In the hospital, King recieved letters from the PresidentLyndon B. Johnson, Vice President Hubert Humphrey, and the governor of New York. But the one he chose to remember came from a white ninth grade girl, who said she was glad he didn’t sneeze.
Taking this as a refrain, both King at the Mason Temple in Memphis in 1968 and Whitmore under the Pavillion of the Patterson Park Community Center in Murfreesboro in 2015, launched into a timeline of the accomplishments of the Civil Rights Movement that King saw in his life, counting them as reasons he too was “so happy he didn’t sneeze.”
That speech ends with King saying he does not fear death, despite threats of it surrounding him, because he had seen the “promised land.”

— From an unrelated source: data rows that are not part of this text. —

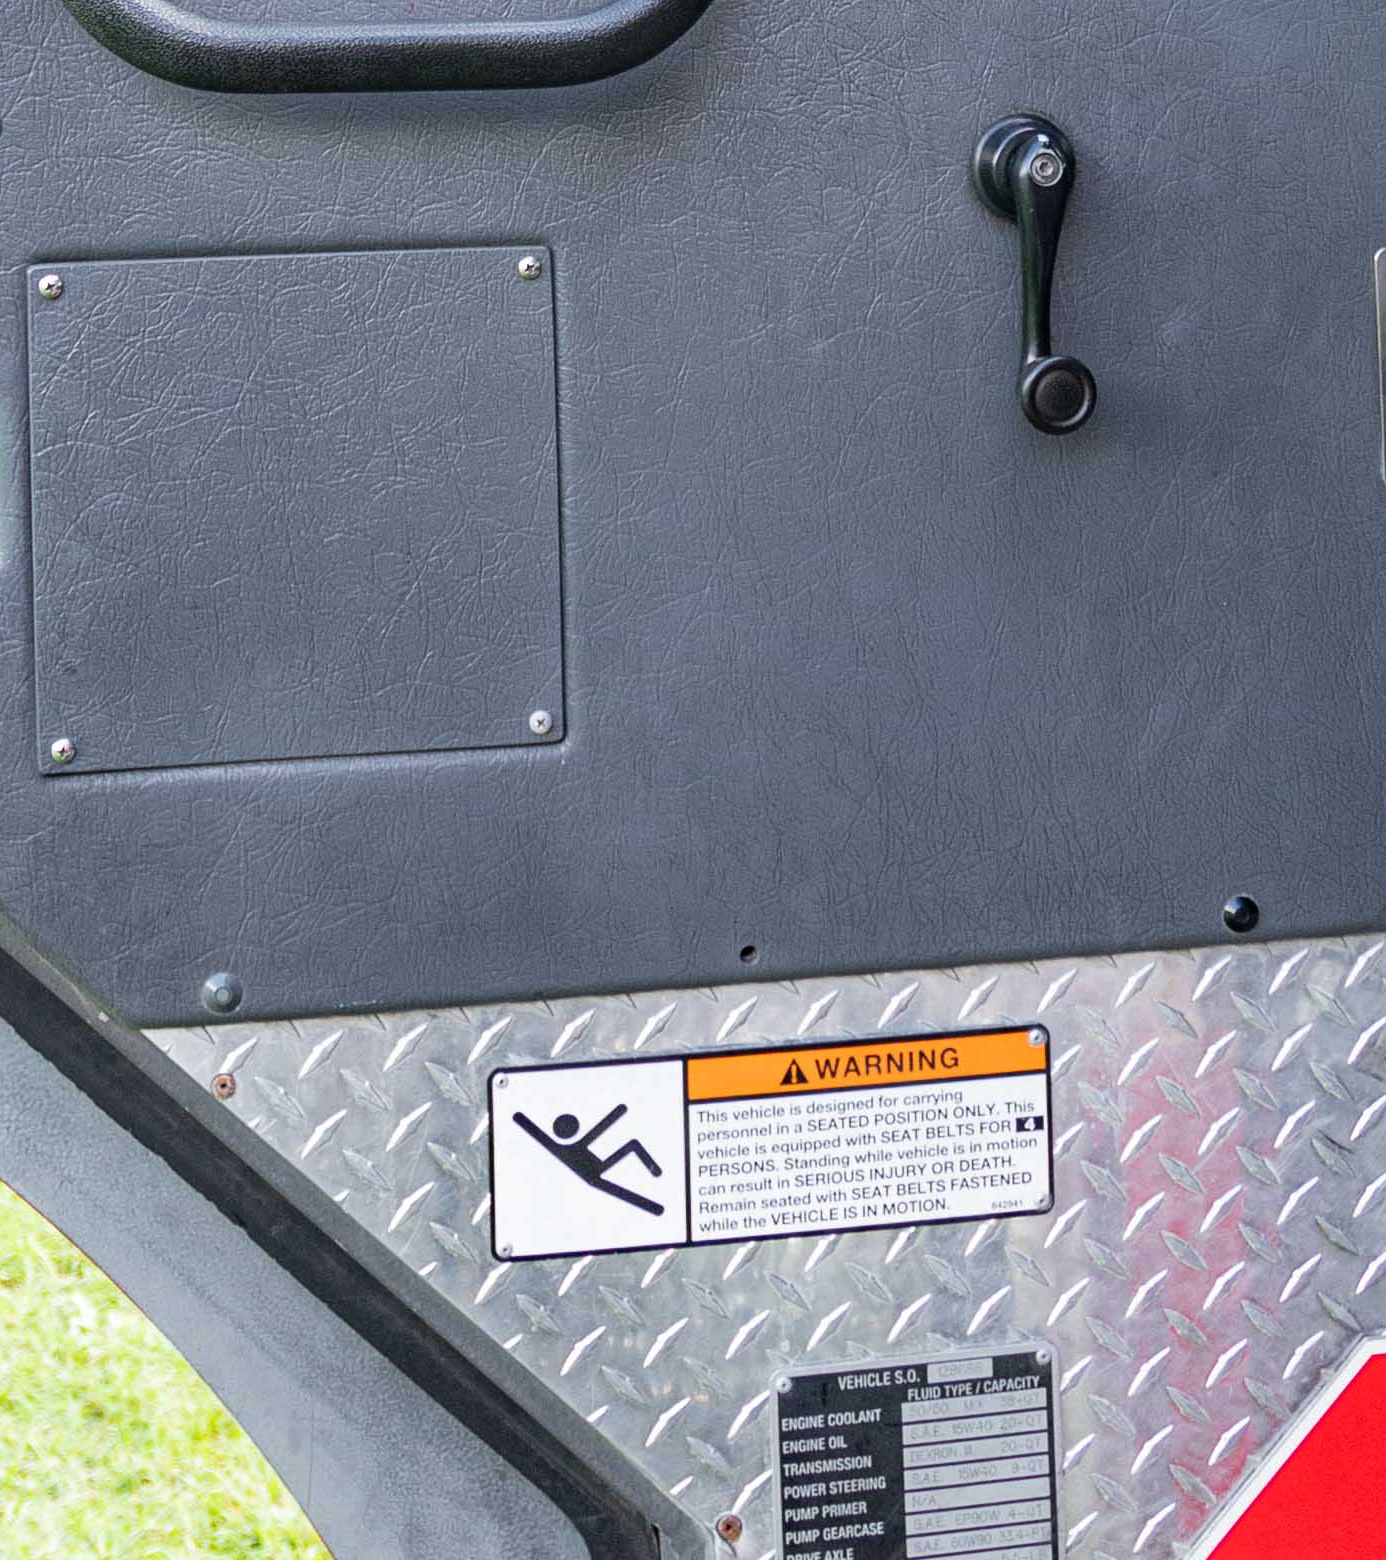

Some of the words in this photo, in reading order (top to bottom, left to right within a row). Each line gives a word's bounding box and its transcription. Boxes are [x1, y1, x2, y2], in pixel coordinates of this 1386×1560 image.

[815, 1047, 959, 1080] WARNING
[697, 1111, 728, 1124] This
[733, 1105, 785, 1120] vehicle
[790, 1105, 801, 1116] is
[806, 1096, 874, 1114] designed
[879, 1095, 898, 1108] for
[903, 1091, 963, 1106] carrying
[697, 1124, 772, 1144] personnel
[777, 1123, 789, 1135] in
[794, 1124, 802, 1134] a
[807, 1115, 869, 1132] SEATED
[875, 1108, 948, 1126] POSITION
[953, 1103, 999, 1119] ONLY.
[1005, 1101, 1035, 1113] This
[698, 1144, 750, 1160] vehicle
[756, 1143, 767, 1154] is
[772, 1137, 841, 1157] equipped
[845, 1133, 876, 1146] with
[881, 1129, 923, 1144] SEAT
[926, 1125, 975, 1140] BELTS
[980, 1120, 1011, 1134] FOR
[699, 1159, 779, 1177] PERSONS.
[784, 1155, 850, 1171] Standing
[855, 1150, 893, 1164] while
[898, 1145, 948, 1160] vehicle
[953, 1142, 965, 1154] is
[970, 1141, 982, 1152] in
[987, 1137, 1037, 1150] motion
[699, 1184, 726, 1196] can
[731, 1179, 773, 1193] result
[778, 1178, 790, 1189] in
[795, 1169, 864, 1187] SERIOUS
[870, 1163, 927, 1180] INJURY
[932, 1161, 954, 1175] OR
[960, 1156, 1015, 1172] DEATH.
[699, 1199, 756, 1214] Remain
[761, 1194, 811, 1209] seated
[816, 1188, 847, 1202] with
[852, 1184, 894, 1200] SEAT
[897, 1180, 946, 1196] BELTS
[951, 1171, 1032, 1191] FASTENED
[699, 1217, 738, 1232] while
[744, 1215, 767, 1228] the
[771, 1208, 838, 1225] VEHICLE
[843, 1206, 858, 1219] IS
[862, 1205, 877, 1217] IN
[883, 1199, 949, 1215] MOTION.
[838, 1371, 891, 1391] VEHICLE
[894, 1369, 920, 1384] S.O.
[907, 1388, 941, 1401] FLUID
[944, 1383, 973, 1397] TYPE
[984, 1376, 1040, 1393] CAPACITY
[781, 1414, 825, 1431] ENGINE
[828, 1408, 882, 1427] COOLANT
[782, 1438, 826, 1454] ENGINE
[829, 1436, 848, 1449] OIL
[783, 1456, 872, 1477] TRANSMISSION
[784, 1483, 826, 1499] POWER
[829, 1476, 886, 1495] STEERING
[785, 1506, 819, 1522] PUMP
[822, 1501, 867, 1518] PRIMER
[785, 1529, 820, 1545] PUMP
[823, 1521, 885, 1541] GEARCASE

“We’ve got some difficult days ahead of us. But it doesn’t really matter with me now, because I’ve been to the mountaintop,” King said in his speech.
Pivoting energetically on the balls of his feet, Whitmore started into “I Have a Dream” without missing a beat. Continuing the themes of violence faced by black Americans and connecting past to present, Whitmore improvised on some of King’s immortal lines.
“I have a dream that we will see a day when we no longer have to see the atrocities that Trayvon Martin had to face, or that Ferguson, Missouri had to face,” Whitmore said before shouting “I can’t breathe, I can’t breathe, I can’t breathe!” in a tribute to Eric Garner.